> [Text-to-region grounding data]:
============================================================

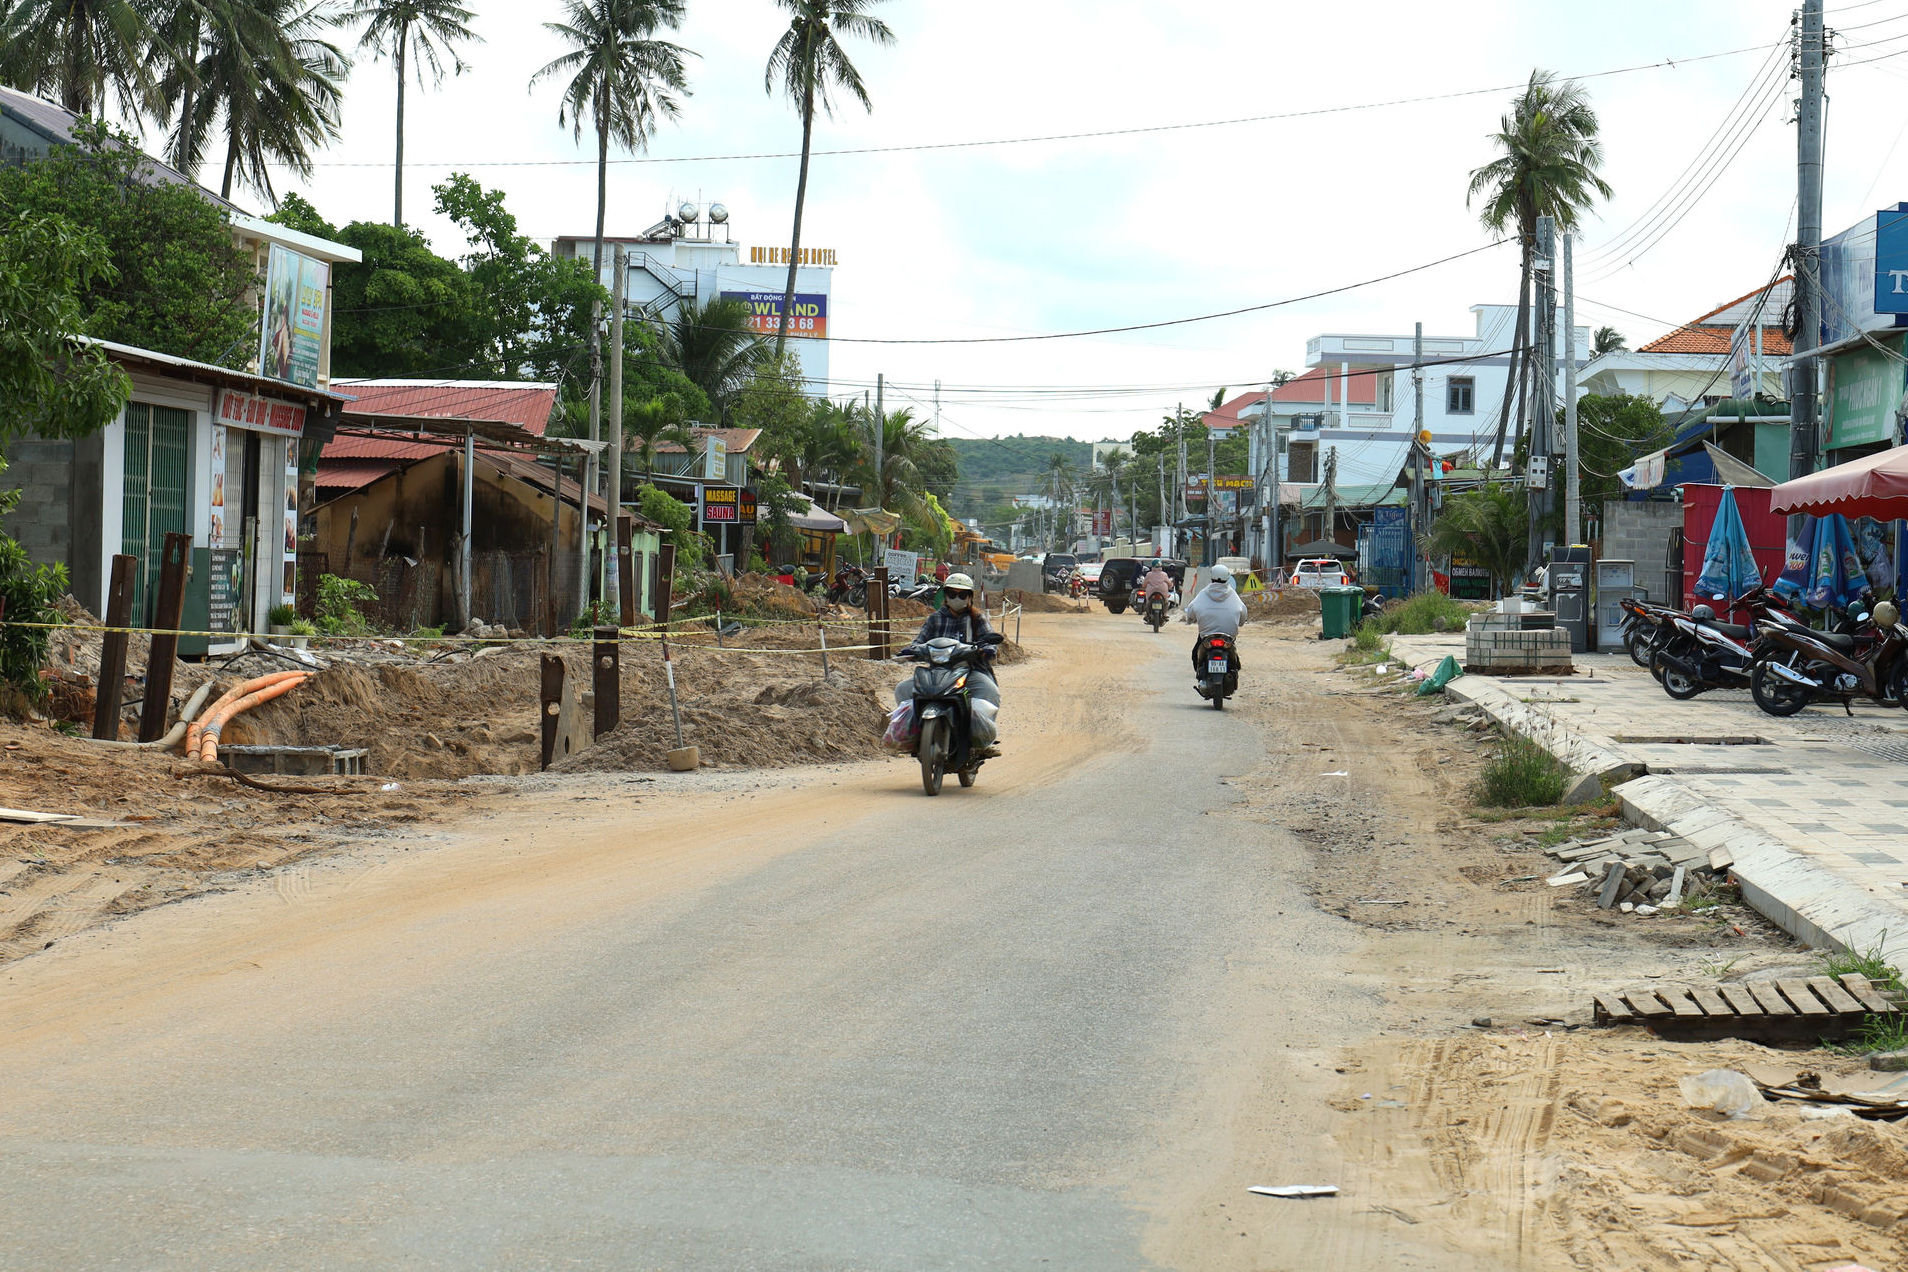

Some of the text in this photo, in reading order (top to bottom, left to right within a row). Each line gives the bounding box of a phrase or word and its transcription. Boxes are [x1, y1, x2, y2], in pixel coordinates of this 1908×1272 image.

[781, 248, 808, 265] BECH
[811, 249, 838, 265] HOTEL
[800, 318, 814, 330] 68
[705, 490, 736, 502] MASSAGE
[707, 507, 735, 519] SAUNA
[1452, 568, 1468, 576] ОБМЕН
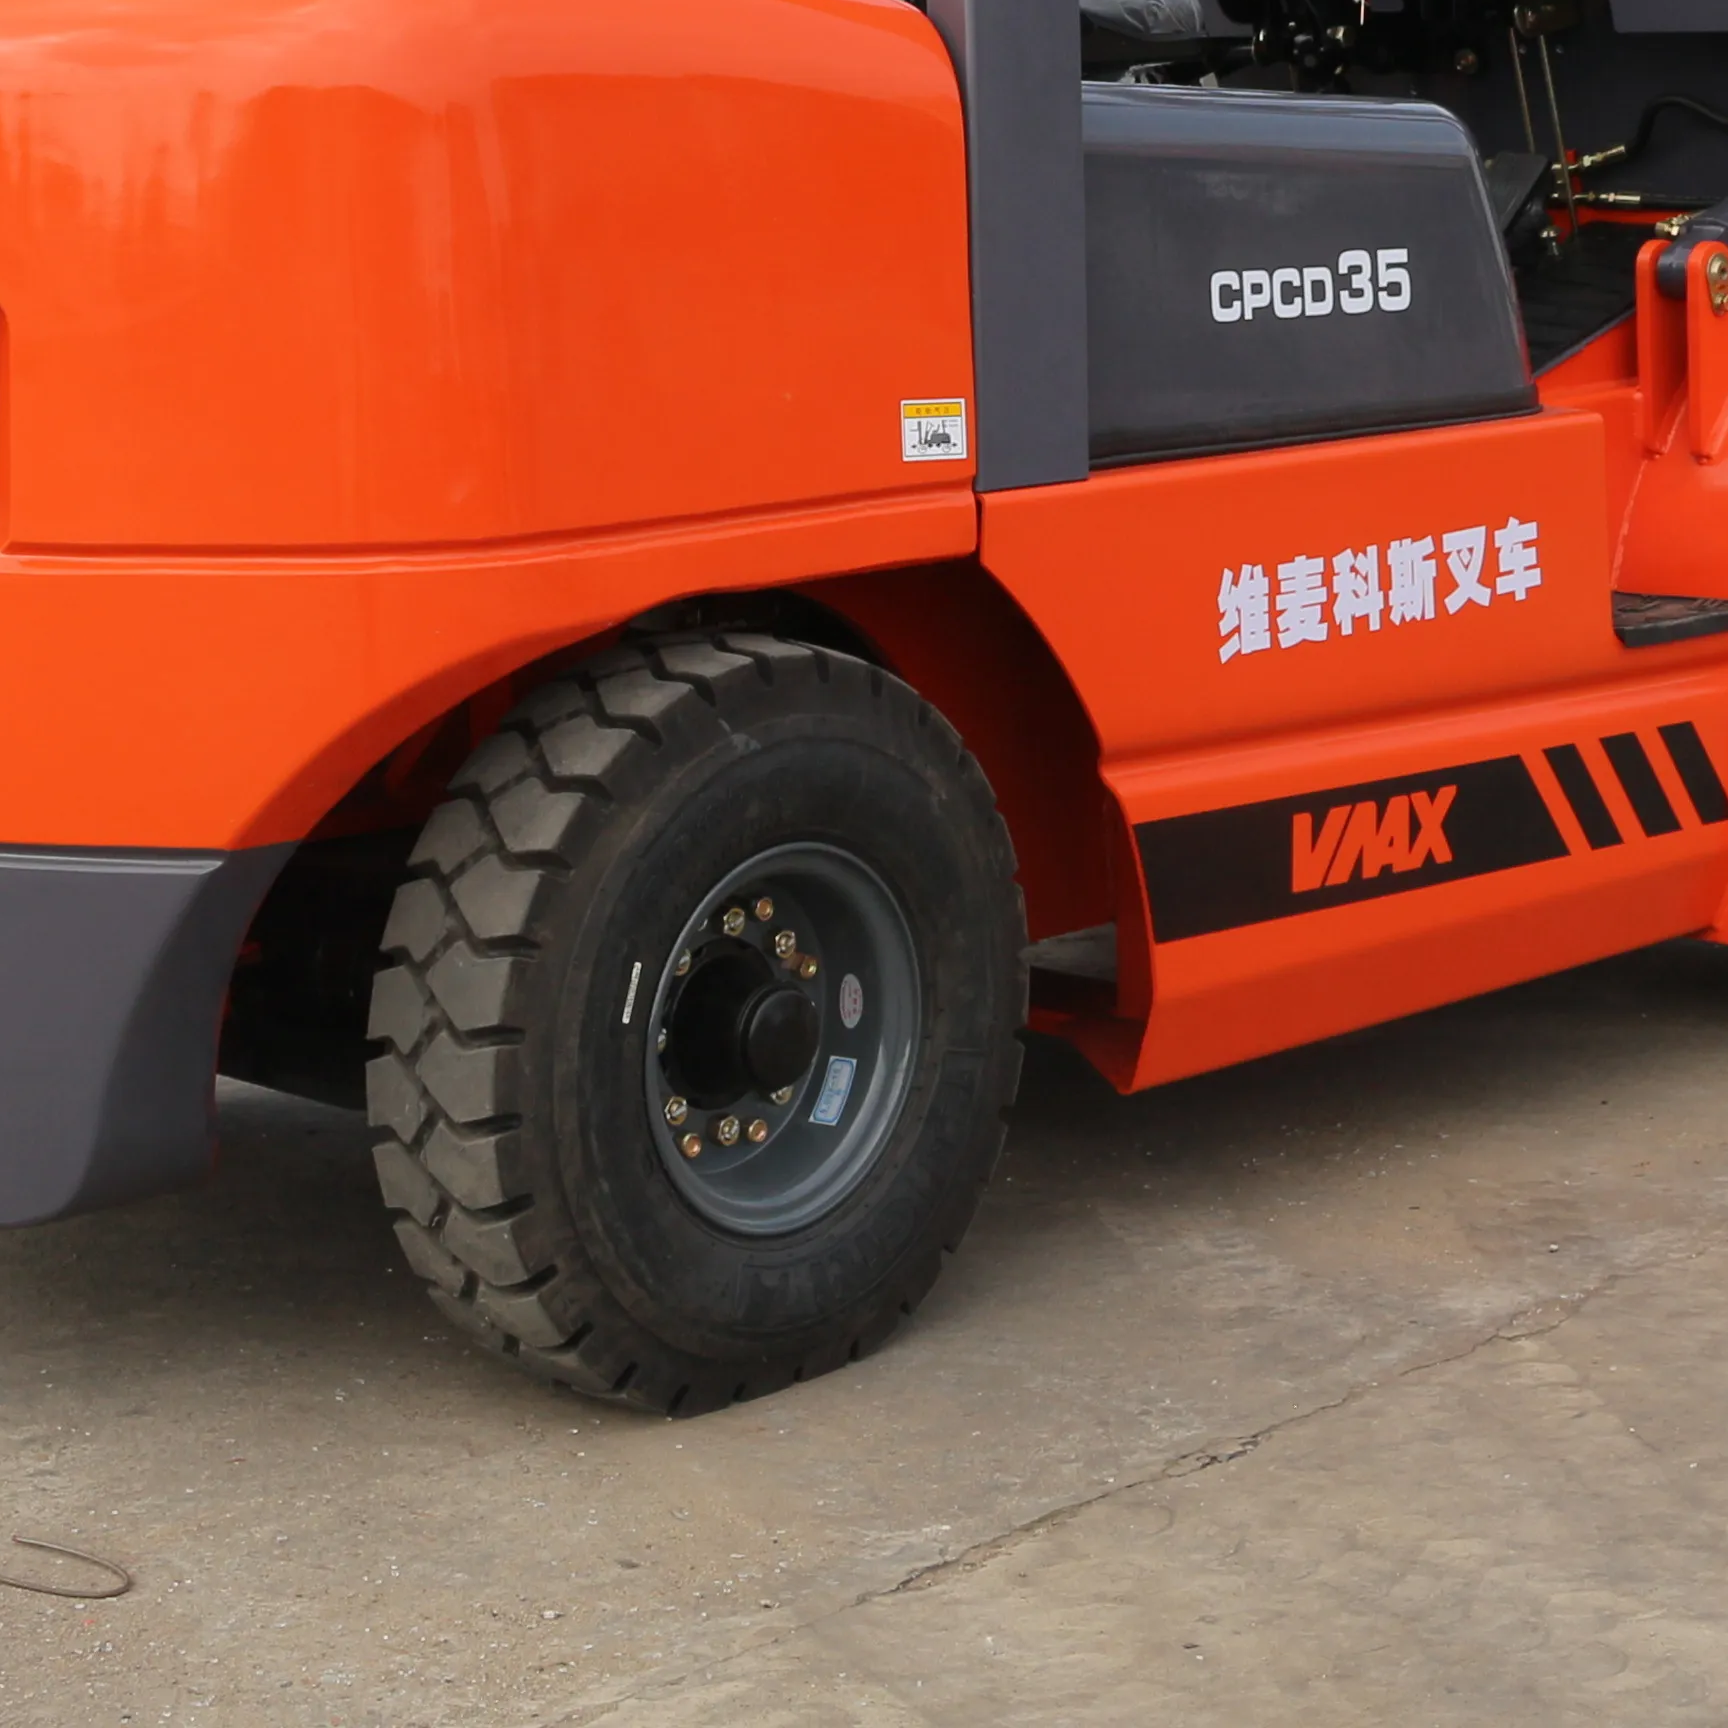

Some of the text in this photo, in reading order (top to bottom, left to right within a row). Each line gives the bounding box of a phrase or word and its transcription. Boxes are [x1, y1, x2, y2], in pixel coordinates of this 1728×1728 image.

============================================================

> [About this exercise]: Each entry, start to finish, goes into your copy exactly; the pictures stay out.

> [Solution]:
Some of the text in this photo, in reading order (top to bottom, left to right within a row). Each line gives the bounding box of a phrase or word and its transcription. Boxes are [x1, y1, x2, y2], in pixel coordinates of this 1908×1272 image.

[781, 248, 808, 265] BECH
[811, 249, 838, 265] HOTEL
[800, 318, 814, 330] 68
[705, 490, 736, 502] MASSAGE
[707, 507, 735, 519] SAUNA
[1452, 568, 1468, 576] ОБМЕН

Some of the text in this photo, in reading order (top to bottom, left to right within a row). Each line gives the bounding box of a phrase or word and its transcription. Boxes are [x1, y1, x2, y2], in pixel coordinates of this 1728×1728 image.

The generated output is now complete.